**Try it**
Your task is to extract every entry that follows word for word while excluding the pictures.

**Available data**
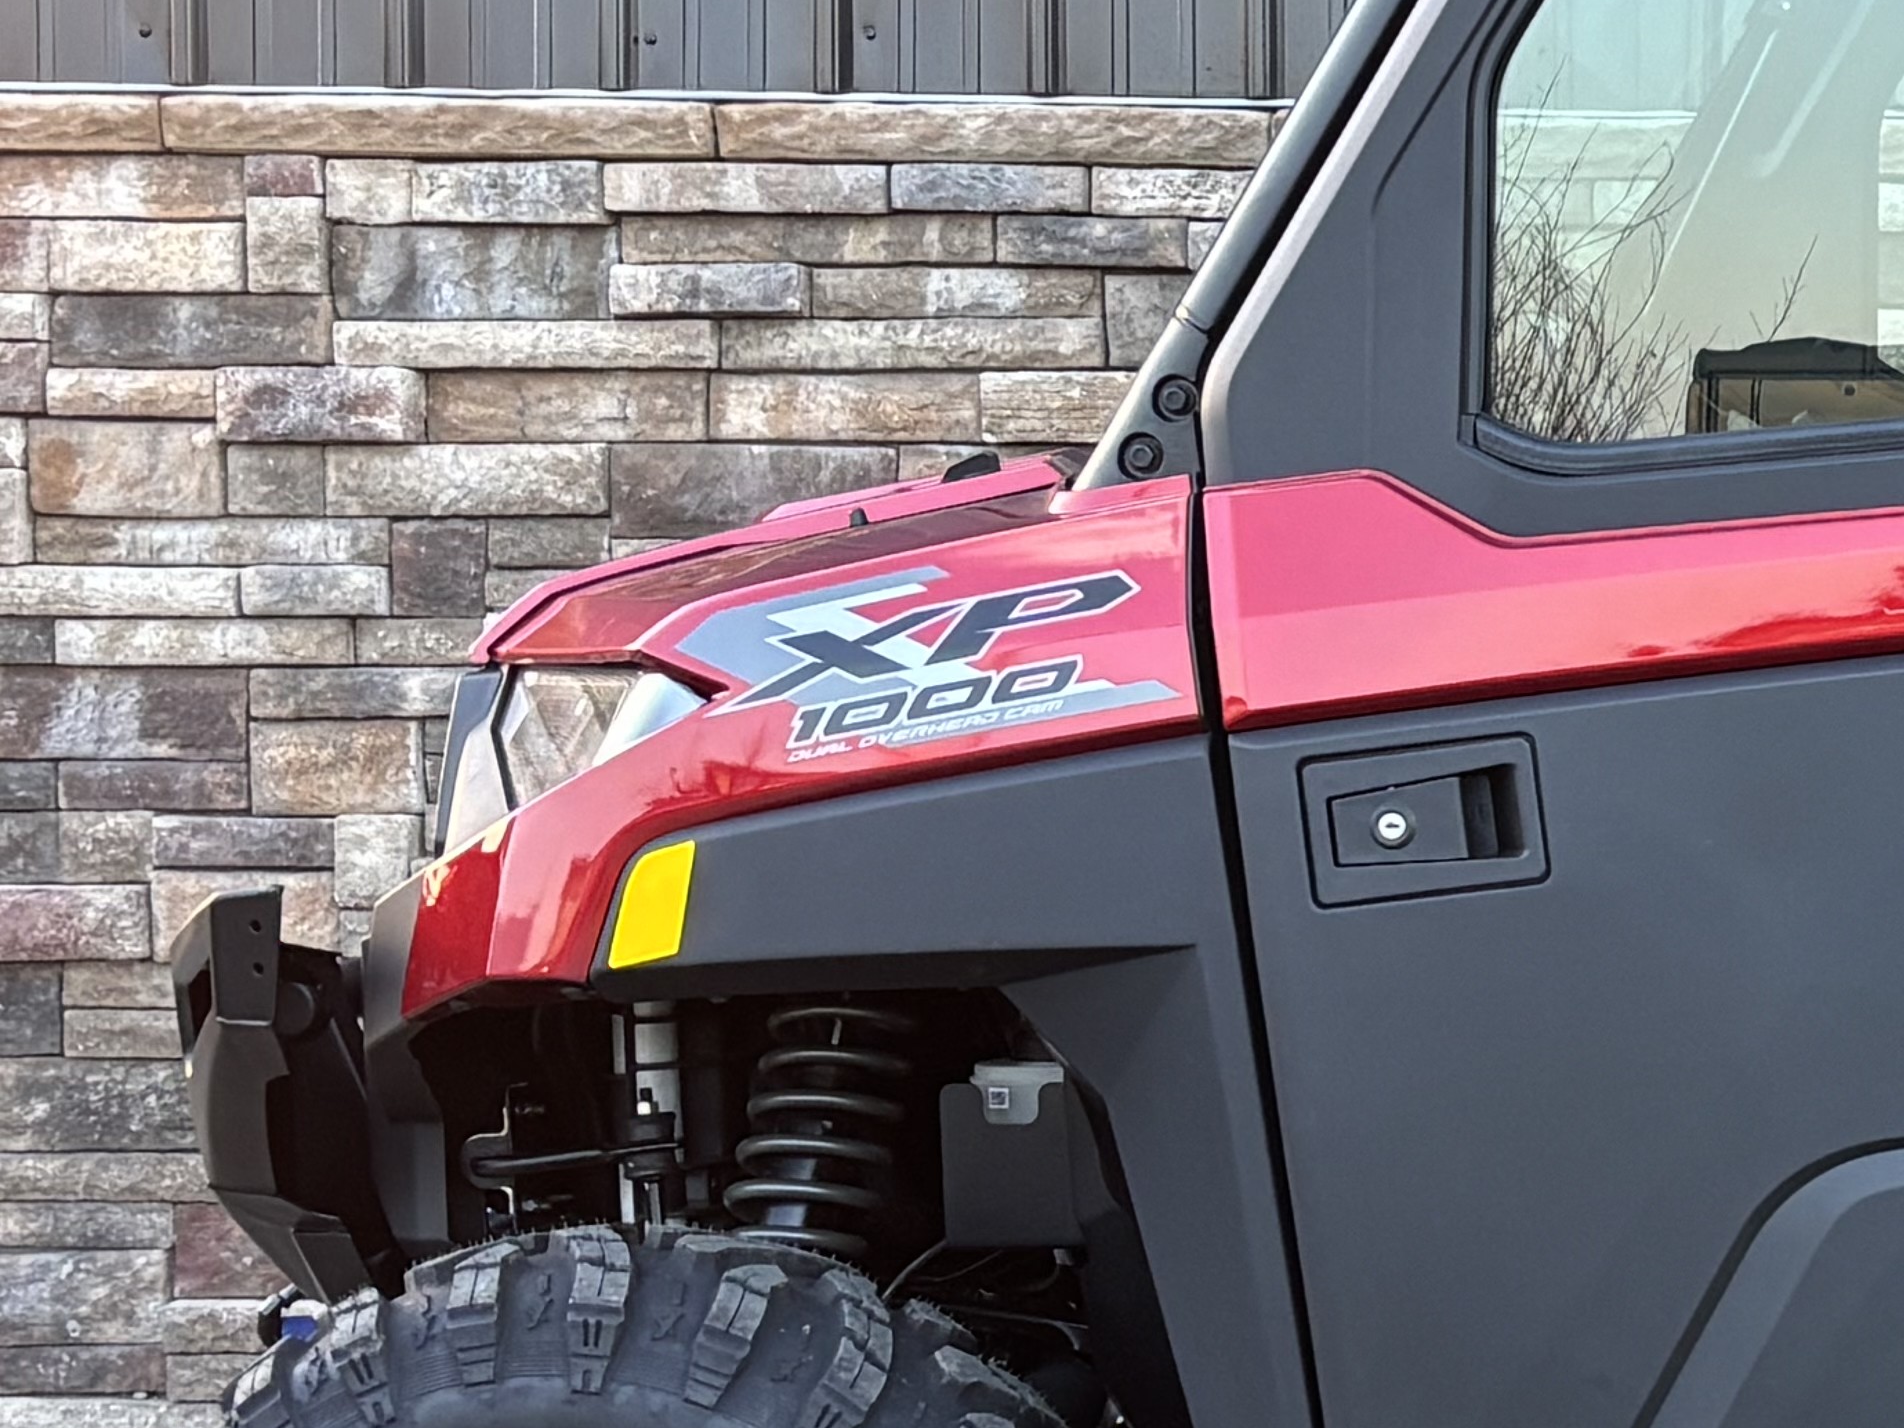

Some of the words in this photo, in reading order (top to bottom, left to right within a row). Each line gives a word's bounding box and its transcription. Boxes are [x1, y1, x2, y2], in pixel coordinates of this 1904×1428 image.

[704, 570, 1141, 718] XP
[786, 654, 1084, 750] 1000
[786, 739, 853, 764] DUAL
[858, 711, 999, 749] OVERHEAD
[1003, 699, 1064, 721] CAM

**Solution for this task**
Some of the words in this photo, in reading order (top to bottom, left to right within a row). Each line gives a word's bounding box and its transcription. Boxes are [x1, y1, x2, y2], in pixel coordinates of this 1904×1428 image.

[704, 570, 1141, 718] XP
[786, 654, 1084, 750] 1000
[786, 739, 853, 764] DUAL
[858, 711, 999, 749] OVERHEAD
[1003, 699, 1064, 721] CAM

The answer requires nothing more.